» **Task objective**:
Images are to be dropped, and the rest of the data reproduced exactly.

**** Records for processing

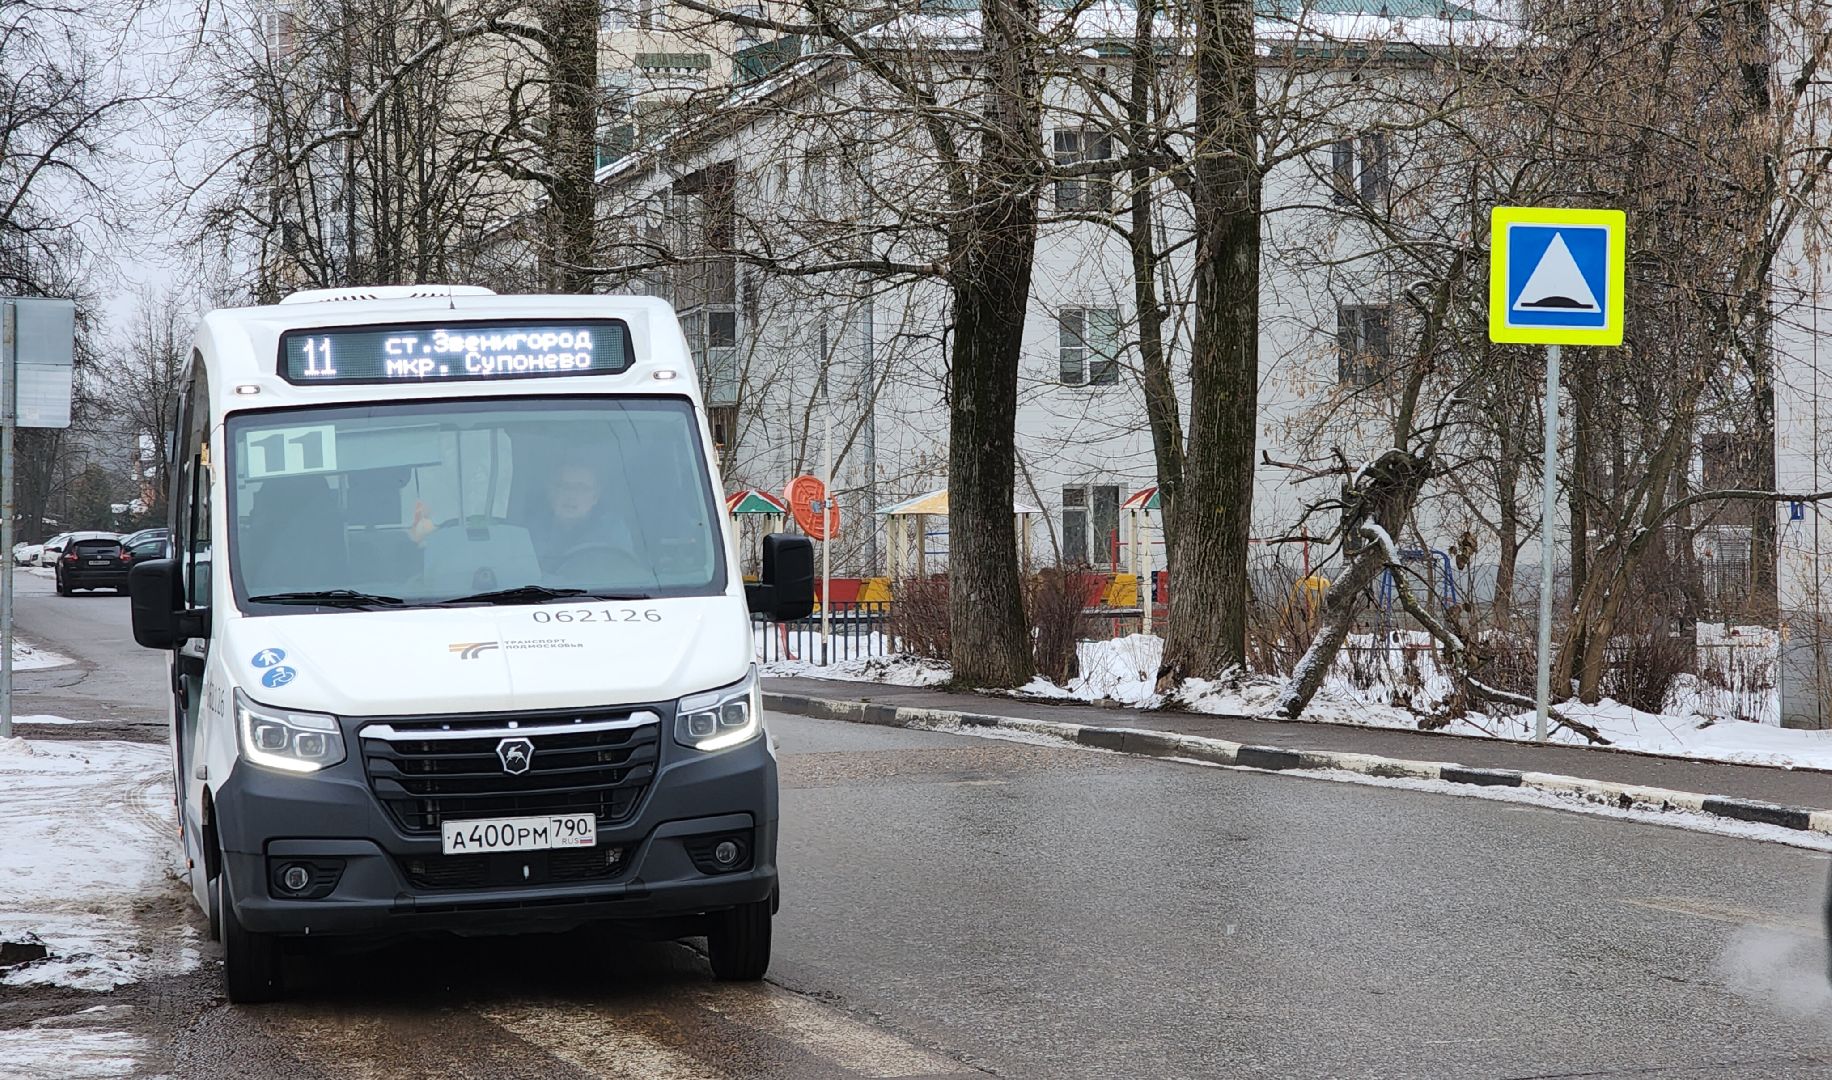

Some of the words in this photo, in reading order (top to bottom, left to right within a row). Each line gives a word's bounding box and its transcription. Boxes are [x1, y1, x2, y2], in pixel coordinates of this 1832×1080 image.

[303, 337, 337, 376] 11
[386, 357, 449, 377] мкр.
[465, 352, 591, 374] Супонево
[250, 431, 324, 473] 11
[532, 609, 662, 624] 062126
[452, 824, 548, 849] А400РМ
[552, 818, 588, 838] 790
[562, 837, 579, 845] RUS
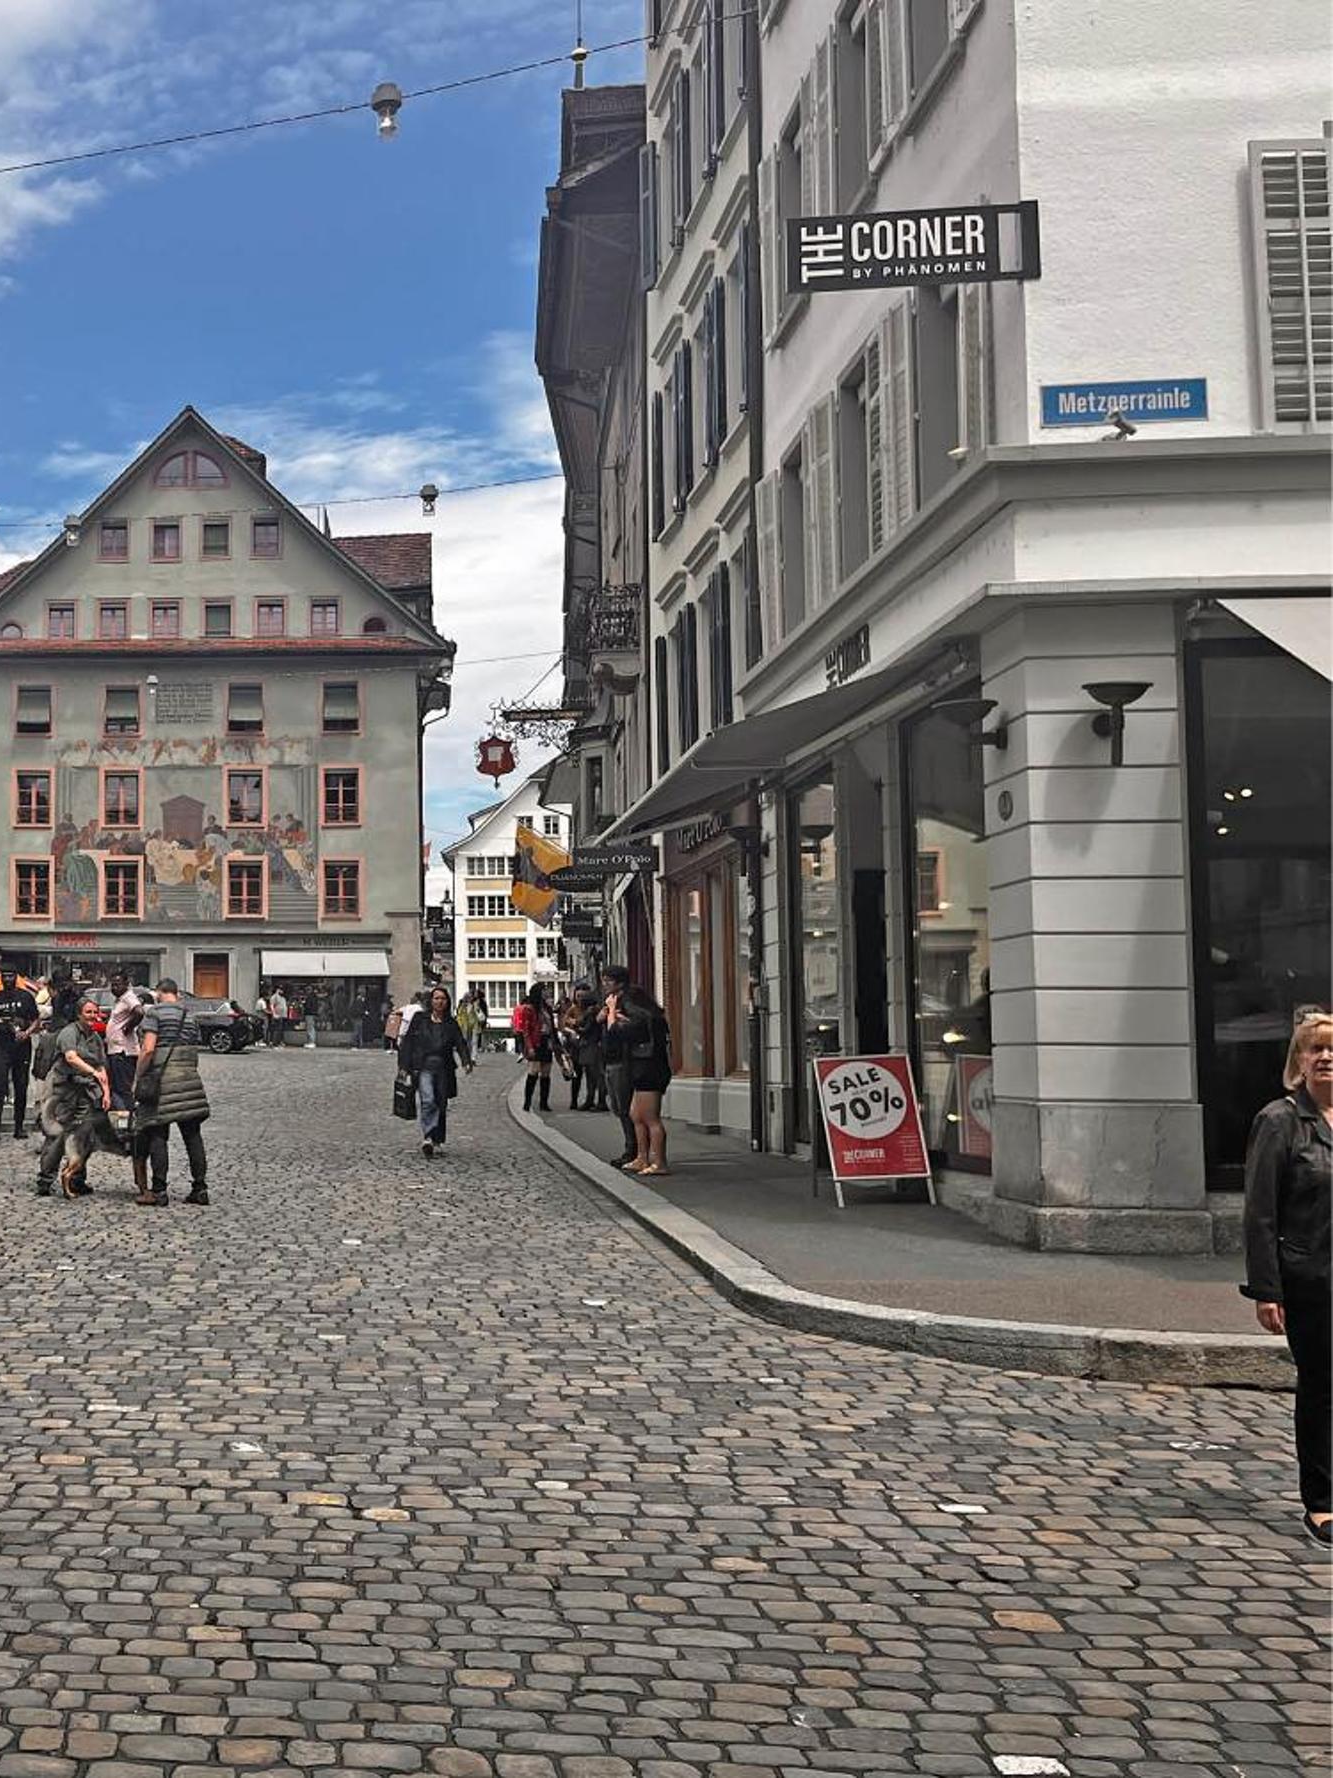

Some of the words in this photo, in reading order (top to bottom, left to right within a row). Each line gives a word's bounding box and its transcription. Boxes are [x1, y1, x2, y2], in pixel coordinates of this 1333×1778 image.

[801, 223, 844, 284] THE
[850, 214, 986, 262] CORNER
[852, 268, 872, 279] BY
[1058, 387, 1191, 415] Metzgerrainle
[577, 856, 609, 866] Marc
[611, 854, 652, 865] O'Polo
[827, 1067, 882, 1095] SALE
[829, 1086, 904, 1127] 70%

********

» **Answer area**:
Some of the words in this photo, in reading order (top to bottom, left to right within a row). Each line gives a word's bounding box and its transcription. Boxes are [x1, y1, x2, y2], in pixel coordinates of this 1832×1080 image.

[303, 337, 337, 376] 11
[386, 357, 449, 377] мкр.
[465, 352, 591, 374] Супонево
[250, 431, 324, 473] 11
[532, 609, 662, 624] 062126
[452, 824, 548, 849] А400РМ
[552, 818, 588, 838] 790
[562, 837, 579, 845] RUS

Some of the words in this photo, in reading order (top to bottom, left to right within a row). Each line gives a word's bounding box and its transcription. Boxes are [x1, y1, x2, y2], in pixel coordinates of this 1333×1778 image.

[801, 223, 844, 284] THE
[850, 214, 986, 262] CORNER
[852, 268, 872, 279] BY
[1058, 387, 1191, 415] Metzgerrainle
[577, 856, 609, 866] Marc
[611, 854, 652, 865] O'Polo
[827, 1067, 882, 1095] SALE
[829, 1086, 904, 1127] 70%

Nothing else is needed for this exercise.